MacRoman encoding creeps into Maven
You’d think in this day and age that modern operating systems, especially OS X, would be set for UTF8 handling by default. Not so. My previous post, centos l10n problem, showed that CentOS defaults to set its locale LANG as POSIX rather than UTF8.
Mac takes the lunacy one step further. Or should I say one step backwards in time.
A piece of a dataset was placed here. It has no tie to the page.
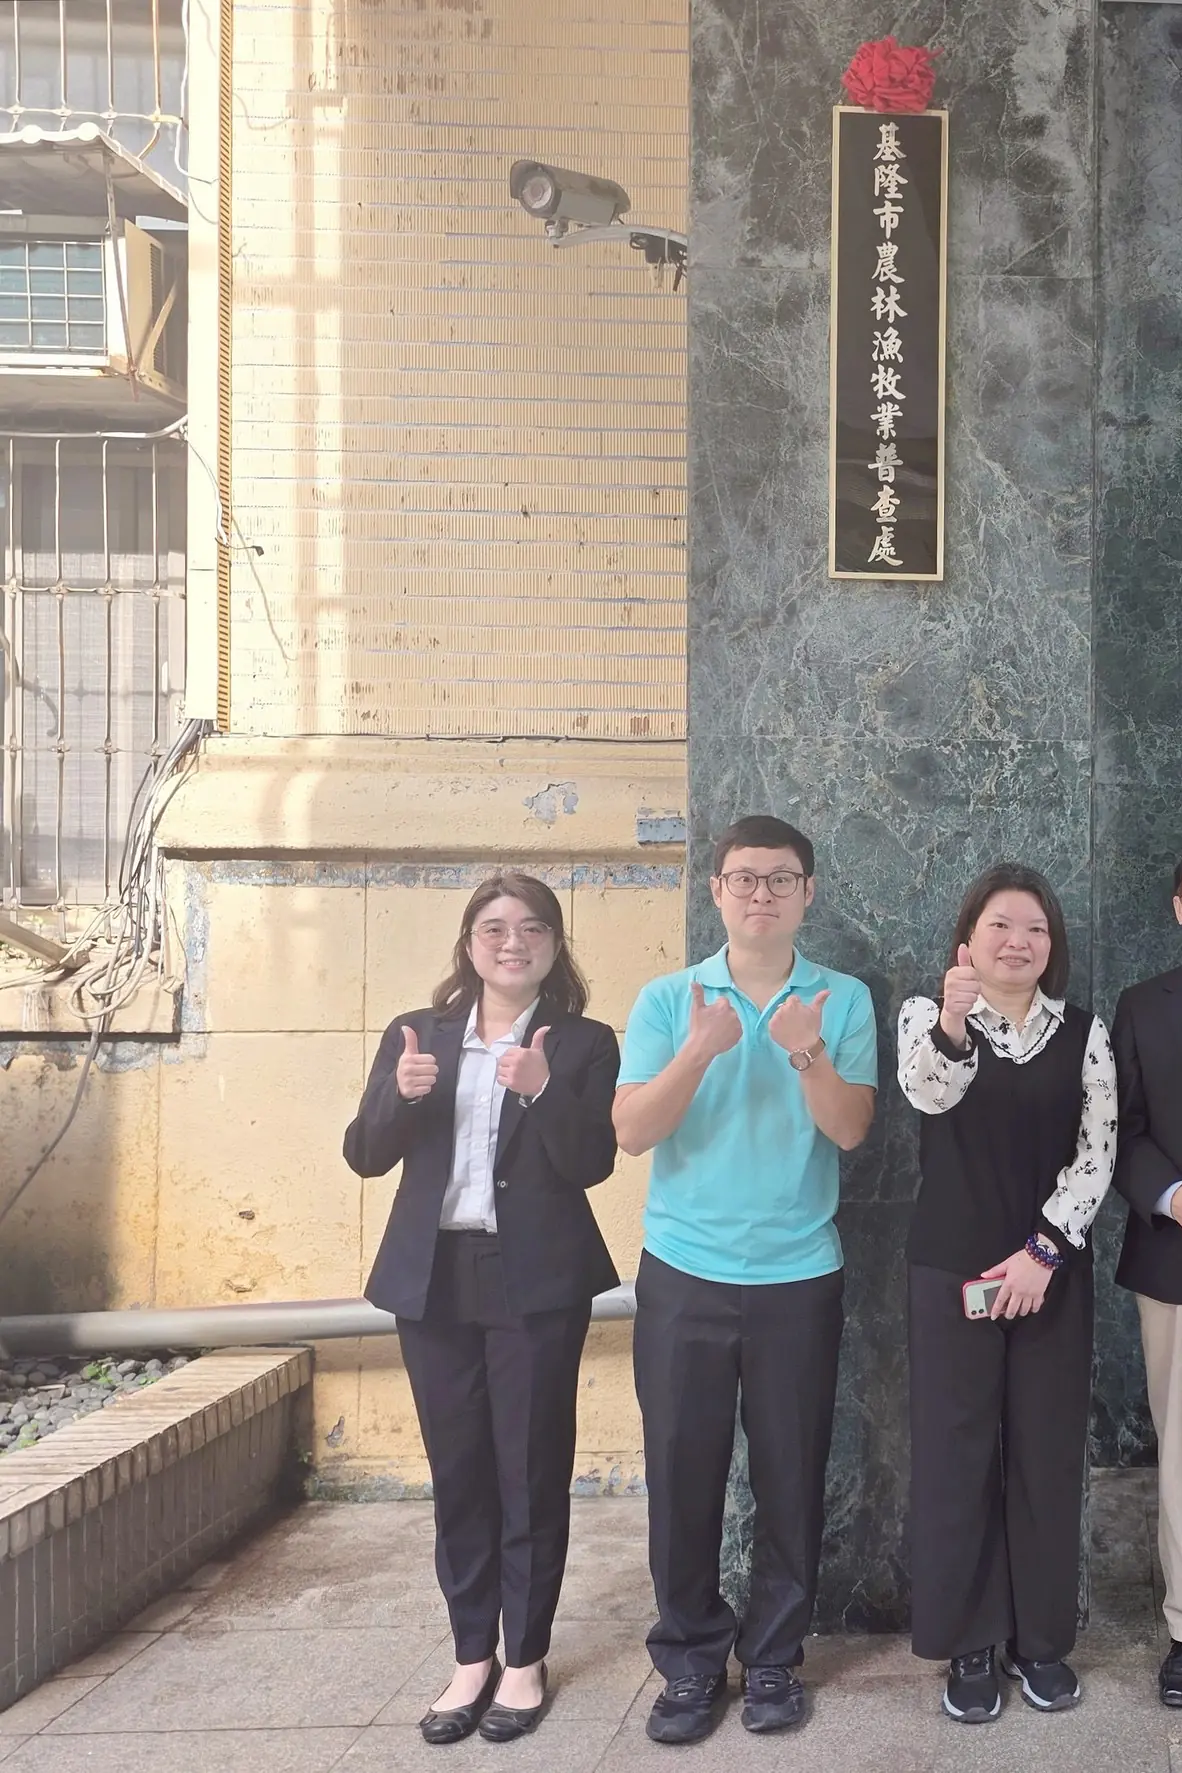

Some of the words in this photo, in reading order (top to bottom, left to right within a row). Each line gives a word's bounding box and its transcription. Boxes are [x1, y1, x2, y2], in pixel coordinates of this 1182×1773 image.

[867, 121, 909, 567] 基隆市農林漁牧業普查處
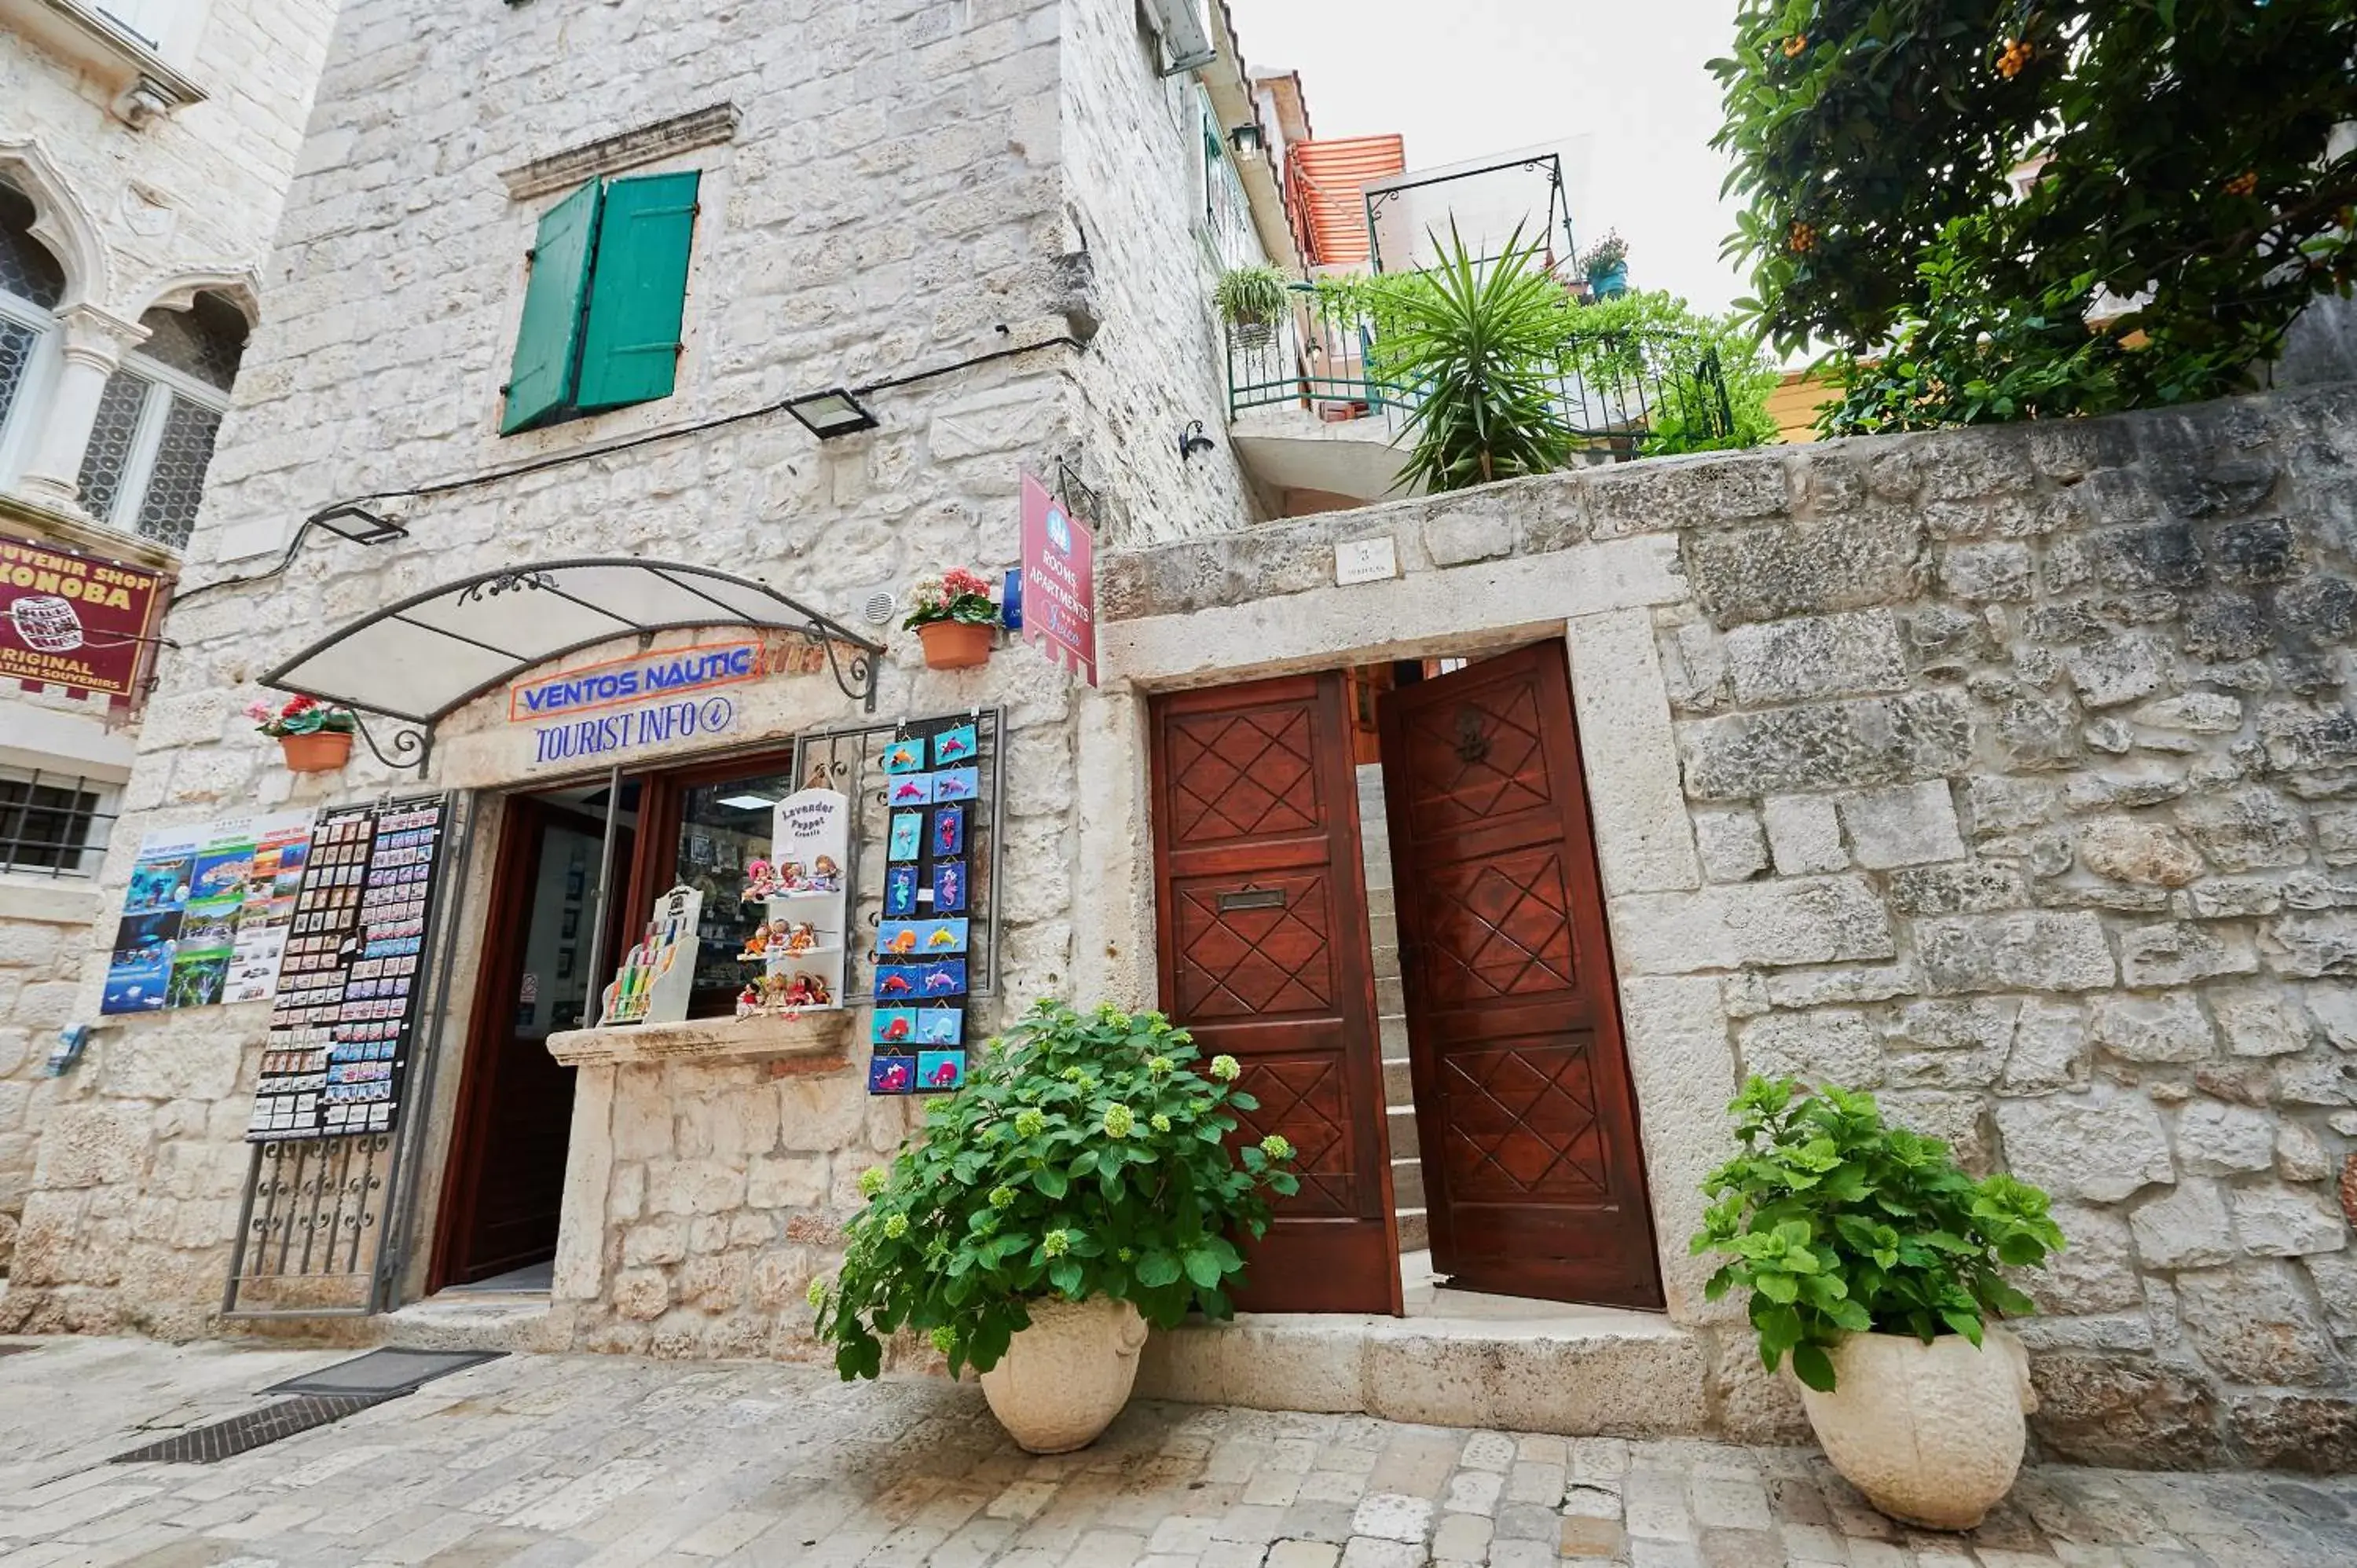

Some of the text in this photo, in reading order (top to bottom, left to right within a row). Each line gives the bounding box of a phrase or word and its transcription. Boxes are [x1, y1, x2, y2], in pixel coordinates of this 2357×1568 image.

I use maven2 as my build manager. Normally, I ignore the stream of info at the beginning of a build, Either it succeeds (yeah) or it fails. Either way, I’ve been more interested in seeing the end result; You know, those last few lines rather than the first few lines.
One day, I started tracking down all the warnings and errors which popped up during maven builds and tomcat startups. I noticed this one.
$ mvn -Pdevelopment clean compile package war:inplace
[INFO] Scanning for projects...
<!-- snip -->
[WARNING] Using platform encoding (MacRoman actually) to copy↩
filtered resources, i.e. build is platform dependent!
<!-- snip -->
[INFO] ----------------------------------------------------------------
[INFO] BUILD SUCCESSFUL
[INFO] ----------------------------------------------------------------
[INFO] Total time: 8 seconds
[INFO] Finished at: Tue Apr 07 23:40:06 PDT 2009
[INFO] Final Memory: 26M/63M
[INFO] ----------------------------------------------------------------
If you’ve ever had to trace down all the UTF8 failure points in a system then you know this maxim: “Suffer not a UTF8 Failure to Live.” Once you have a failure point, Latin1 (or worse in this case–MacRoman) will leak into your database and rot your data like a cancer.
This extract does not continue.